Despite not being included in the budget, Shockley was still concerned that non-resident students were something of a burden to the county since they did make use of time and supplies.

“When you bring that student in, you’re using a slot,” he said. “They’re taking up space.”

Shockley tempered the statement by admitting that he didn’t blame the students or wish to deny them the best education possible.

“They want to go to our schools,” he said, adding what he took issue with was how cheap their tuition was compared to their per pupil cost.

When questioned, Andes revealed that there were only 14 out-of-county students using Worcester public schools last year. However, he did add that there were an additional 18 out-of-county students who, because they are family members of school system employees, were allowed to attend county schools at a reduced tuition of only about $1,000.

While such a privilege is considered a general benefit for school employees, Shockley was surprised by the scope of it. “That’s a huge benefit,” he said.

Between those 32 students, there was an estimated $262,000 difference in what non-resident students paid in tuition compared to their average per pupil cost, though the number would be less once things like transportation fees were removed from the equation. Still, Shockley estimated the cost being taken on by the county was in the $200,000 range.

Andes agreed that tuition rates might need a reexamination and said that he would forward the commission’s suggestion to the Board of Education. He explained that the tuition schedule had been in place even before he took his position 15 years ago and has only been adjusted for inflation since then.

Even more than the discrepancy between tuition and education costs, the commission took issue with the fact that there were non-resident students actively sneaking into Worcester County schools without paying anything.

“We have individuals who will go to any means to attend our schools,” said Andes. “People will falsify documents … This has been a frustrating experience for all of us.”
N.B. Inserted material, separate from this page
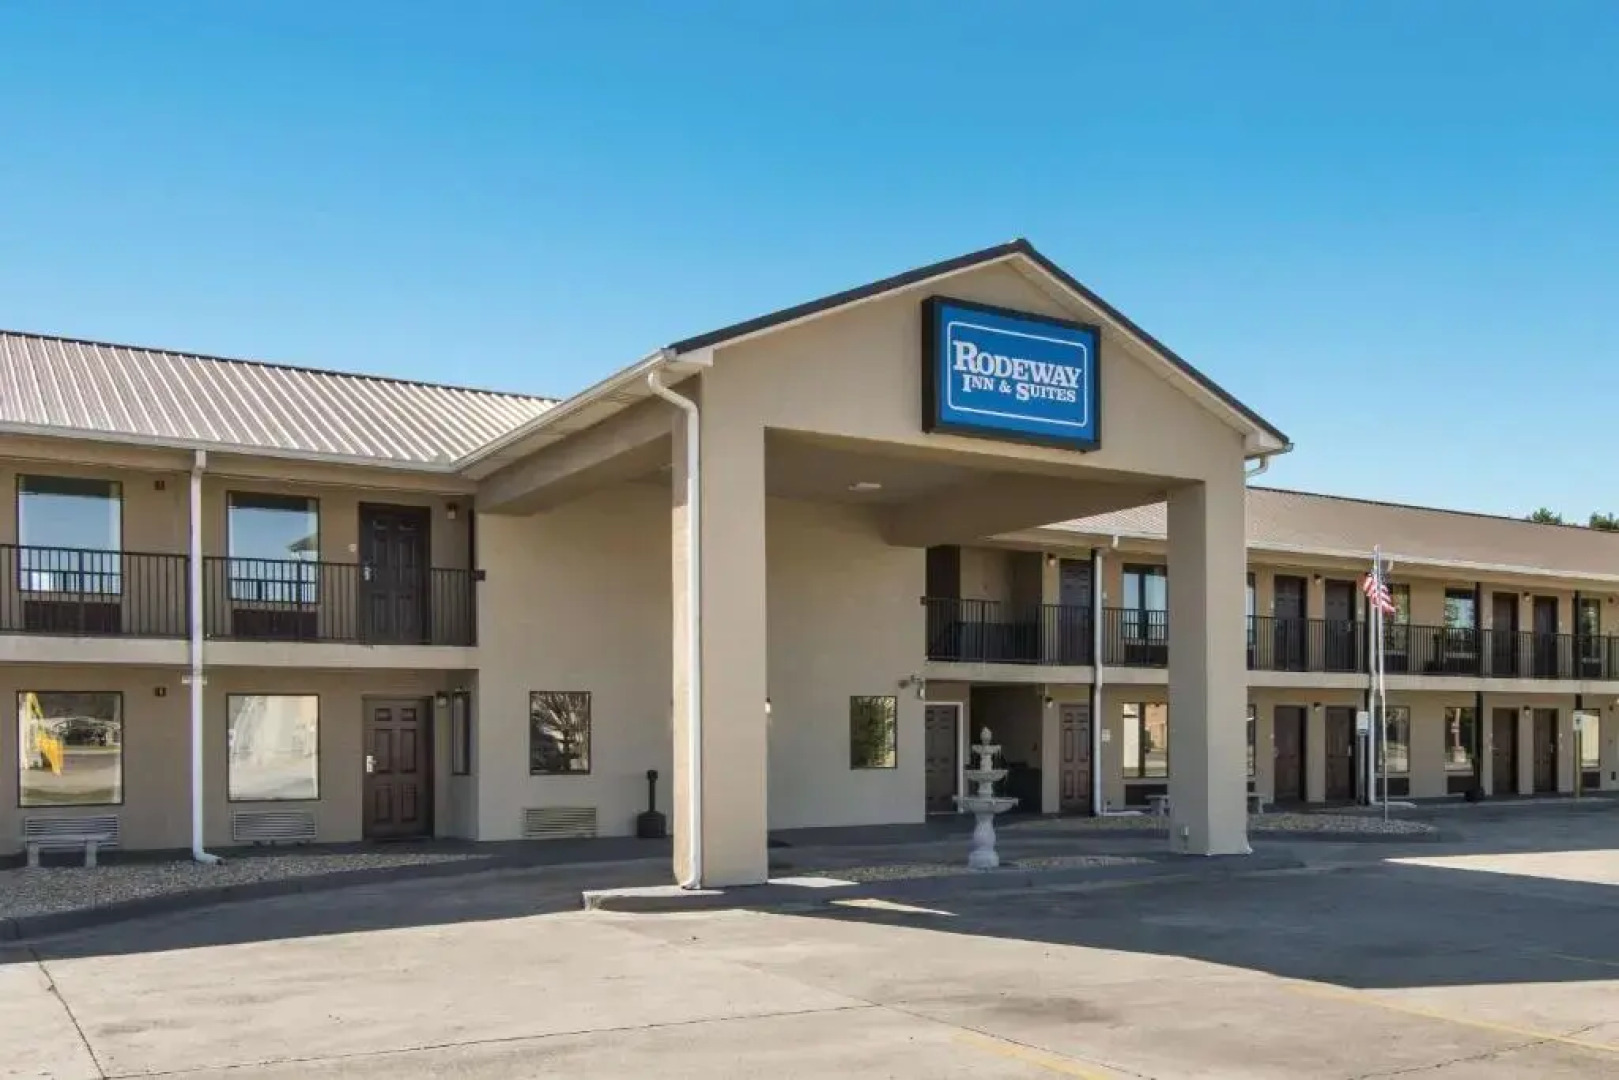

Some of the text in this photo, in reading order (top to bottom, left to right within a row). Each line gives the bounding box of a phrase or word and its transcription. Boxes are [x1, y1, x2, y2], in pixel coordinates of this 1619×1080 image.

[952, 340, 1082, 388] RODEWAY
[961, 374, 1076, 402] INN & SUITES
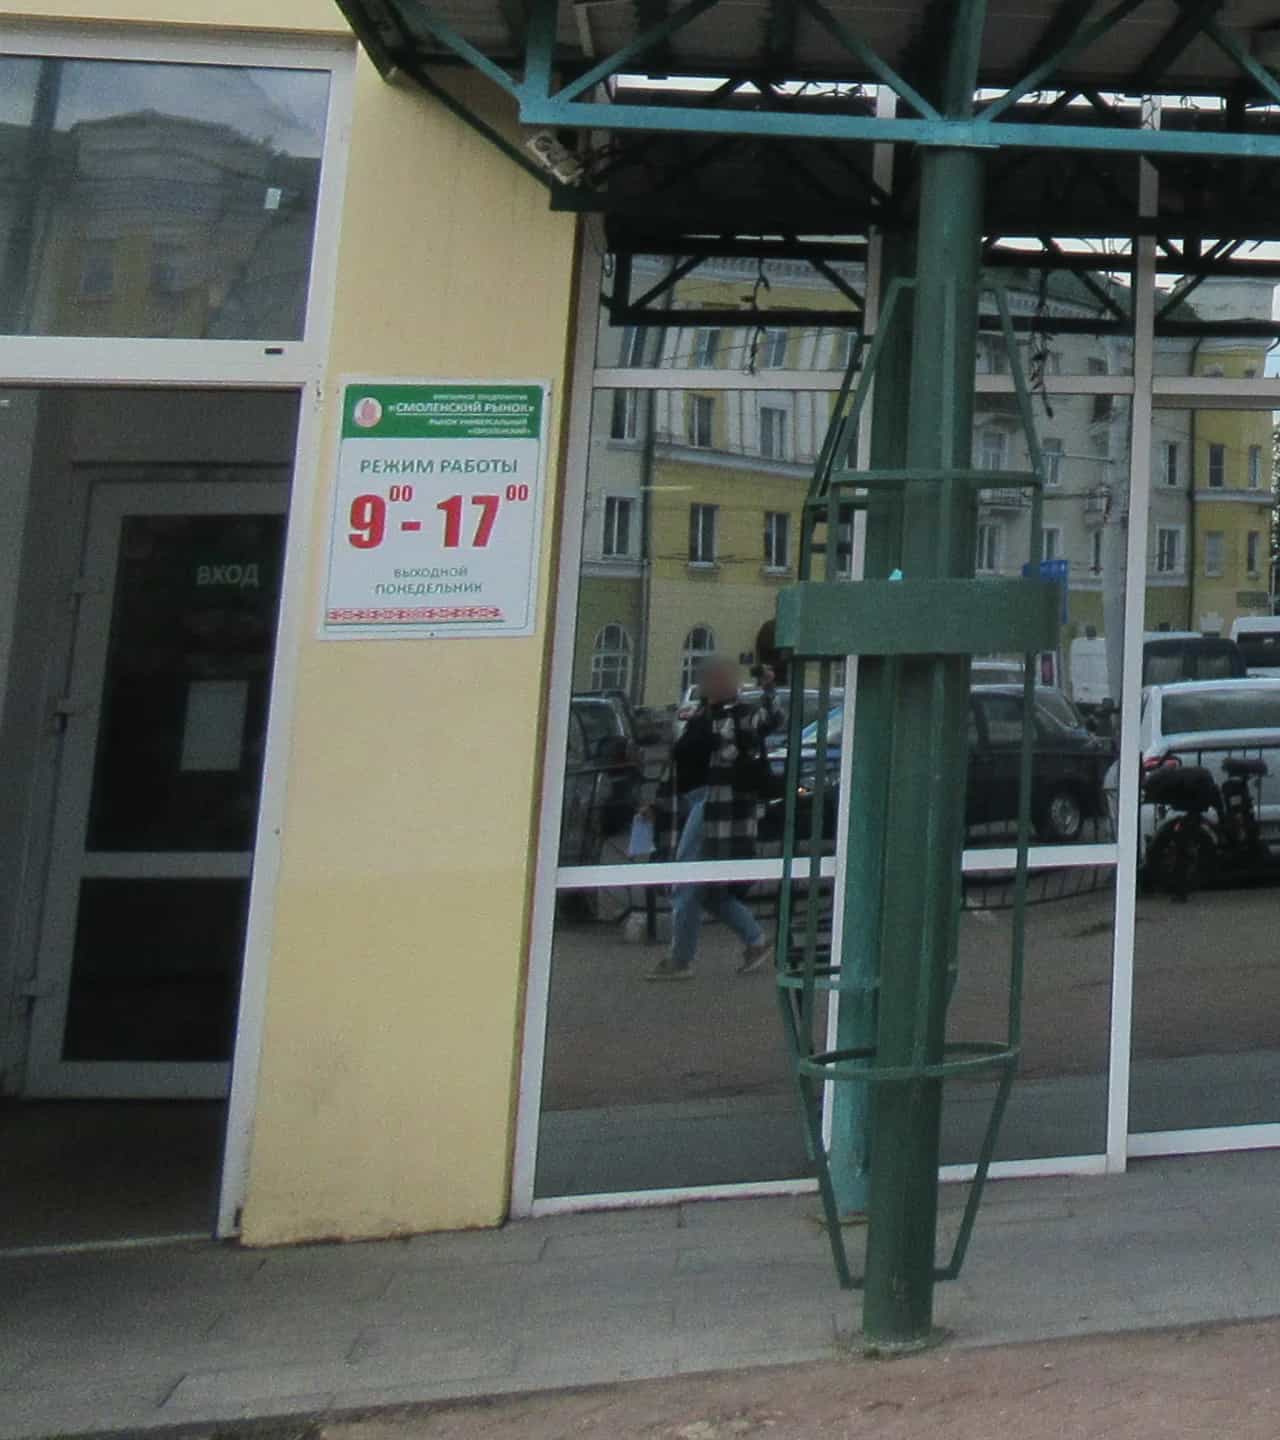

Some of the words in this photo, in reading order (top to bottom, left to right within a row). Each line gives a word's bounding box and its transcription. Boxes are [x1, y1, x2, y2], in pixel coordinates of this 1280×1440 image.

“These are people that you’re always going to have,” agreed Shockley.

According to Andes, though, the number of non-resident students actually trying to attend county schools illegally was “very small” and that the school board had a number of watchdog measures in place to guard against unauthorized attendance.

“We’re very vigilant,” said Andes.

Andes told commissioners that reports of illegal attendance were always investigated. There are also random state audits of student files. A large number of unregistered non-resident students likely come from less deceitful situations, Andes added.

A few hypothetical examples he used were divorced parents where one child remains in county while the other moves away or if grandparents or a secondary relative have full or partial custody of a child.

In those kinds of scenarios, Andes said that school jurisdictions can be hard to establish, but Andes did promise that the Board of Education would do its best to investigate any possible cases of illegal attendance.